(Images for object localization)
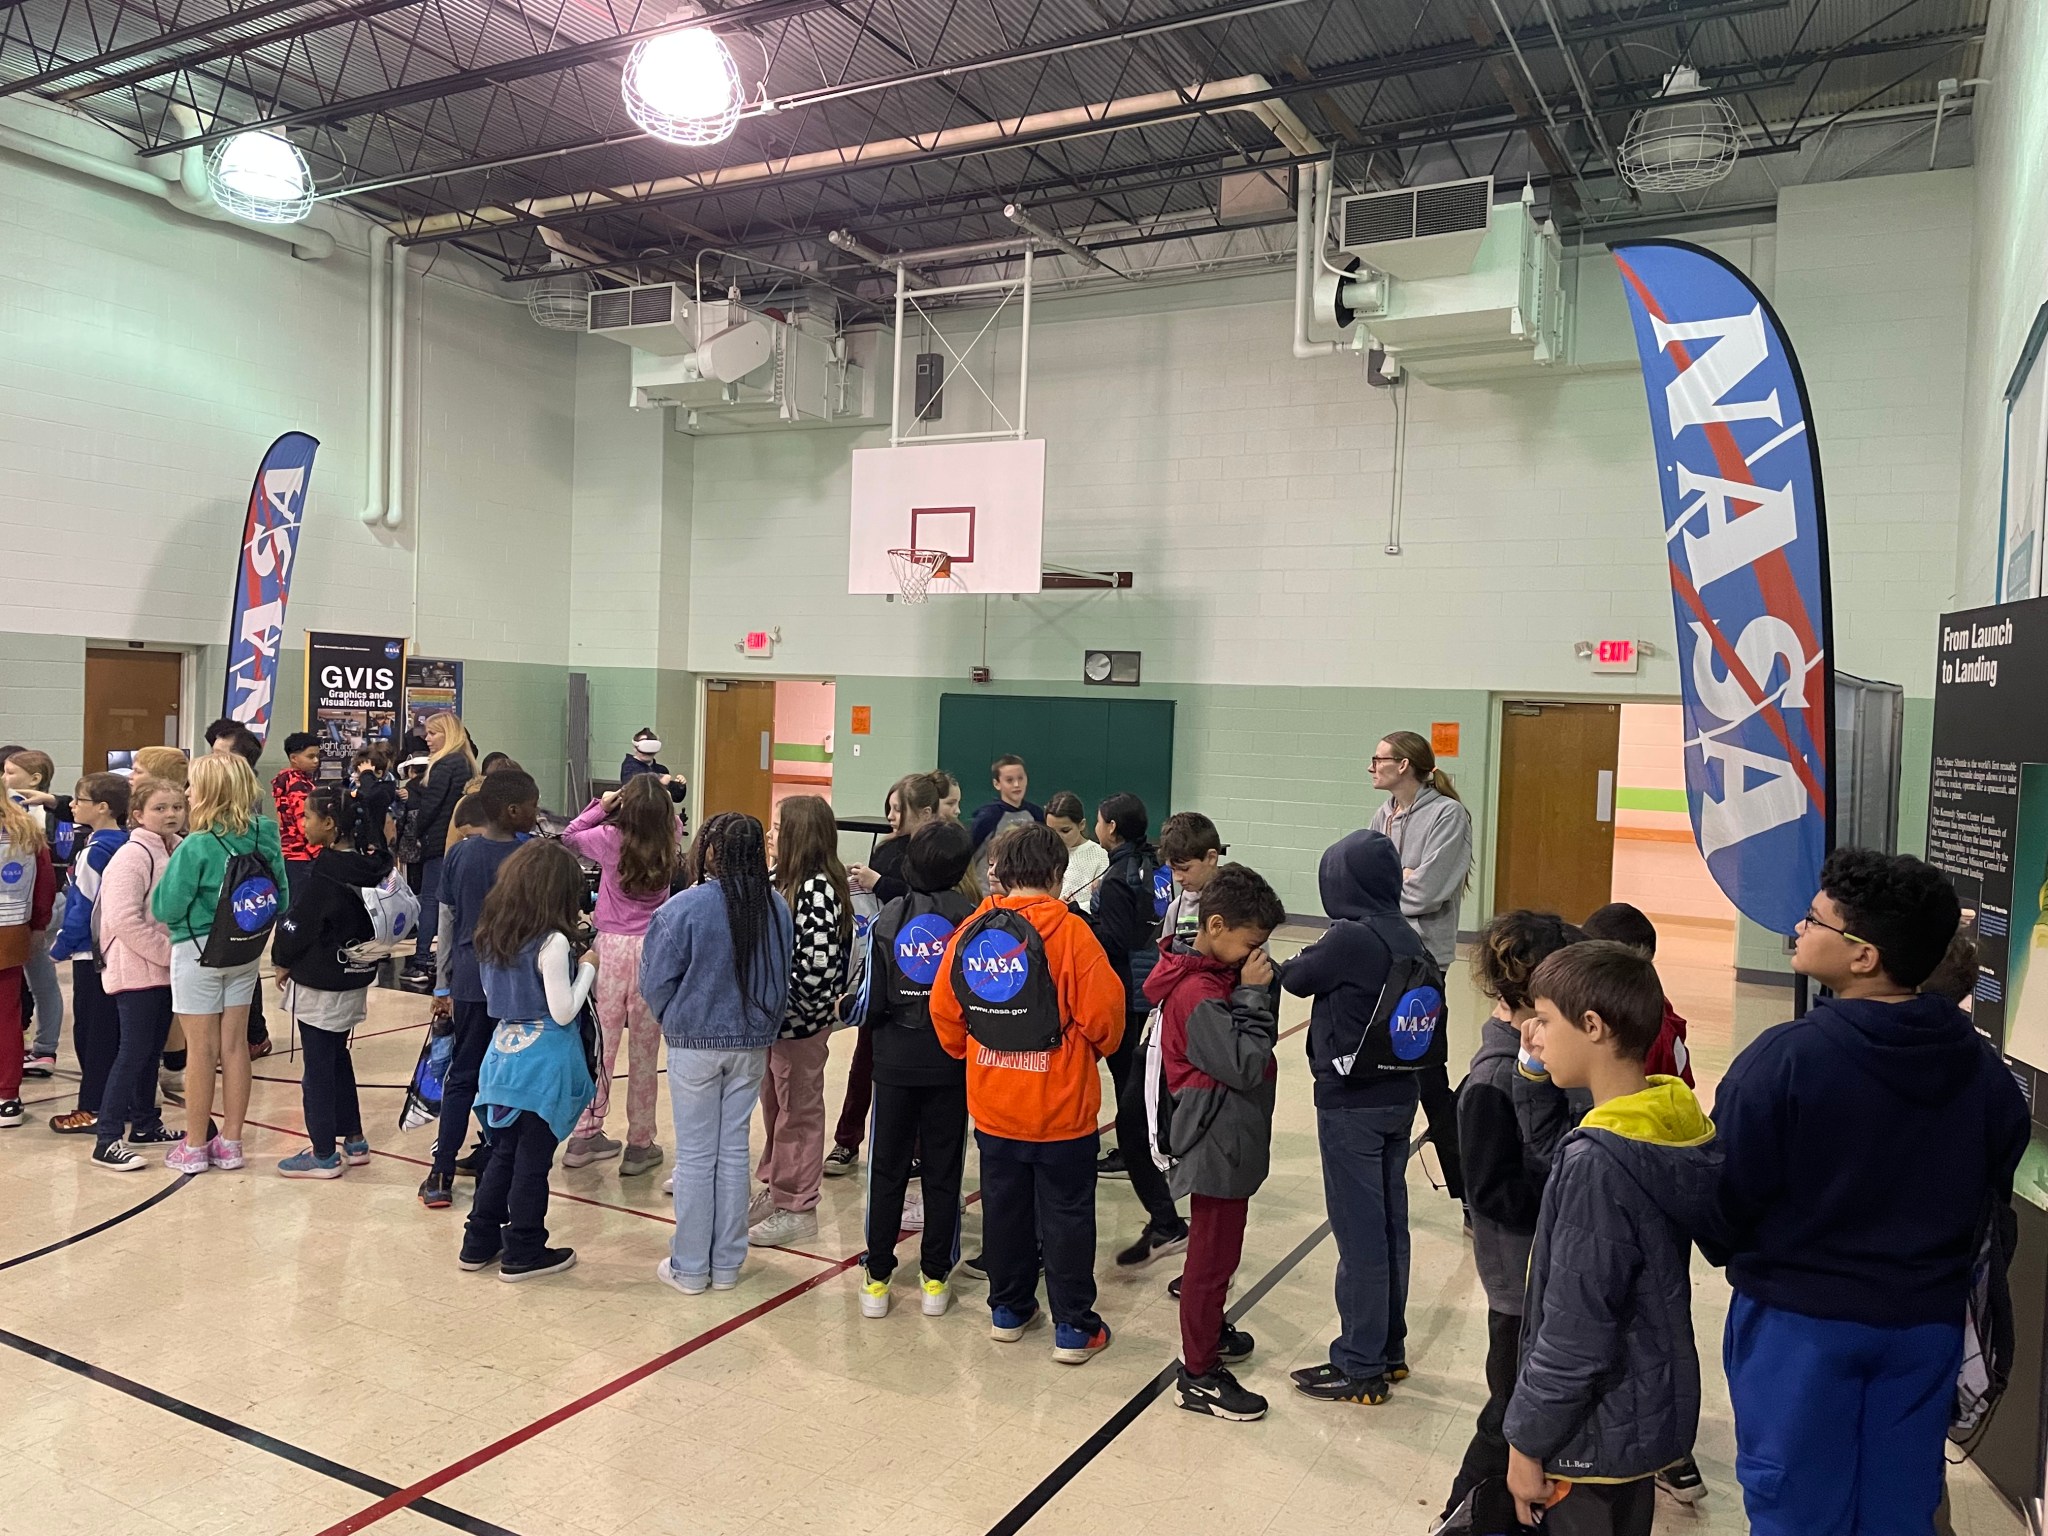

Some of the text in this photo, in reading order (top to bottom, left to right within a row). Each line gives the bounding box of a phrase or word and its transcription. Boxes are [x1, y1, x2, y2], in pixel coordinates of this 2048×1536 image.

[1649, 302, 1811, 860] NASA
[231, 466, 304, 739] NASA
[748, 632, 766, 649] EXIT
[1944, 618, 2012, 652] From Launch
[1599, 640, 1630, 662] EXIT
[321, 666, 394, 690] GVIS
[1942, 655, 1997, 688] to Landing
[321, 698, 393, 708] Visualization Lab
[329, 690, 366, 700] Graphics
[233, 893, 277, 914] NASA
[900, 941, 944, 957] NAS
[968, 958, 1024, 973] NASA
[969, 1005, 1027, 1015] www.nasa.gov
[1396, 1016, 1436, 1031] NASA

→ **Problem description**: Each line above gets copied exactly; leave the pictures out.

→ **Reply to the task**:
Some of the text in this photo, in reading order (top to bottom, left to right within a row). Each line gives the bounding box of a phrase or word and its transcription. Boxes are [x1, y1, x2, y2], in pixel coordinates of this 2048×1536 image.

[1649, 302, 1811, 860] NASA
[231, 466, 304, 739] NASA
[748, 632, 766, 649] EXIT
[1944, 618, 2012, 652] From Launch
[1599, 640, 1630, 662] EXIT
[321, 666, 394, 690] GVIS
[1942, 655, 1997, 688] to Landing
[321, 698, 393, 708] Visualization Lab
[329, 690, 366, 700] Graphics
[233, 893, 277, 914] NASA
[900, 941, 944, 957] NAS
[968, 958, 1024, 973] NASA
[969, 1005, 1027, 1015] www.nasa.gov
[1396, 1016, 1436, 1031] NASA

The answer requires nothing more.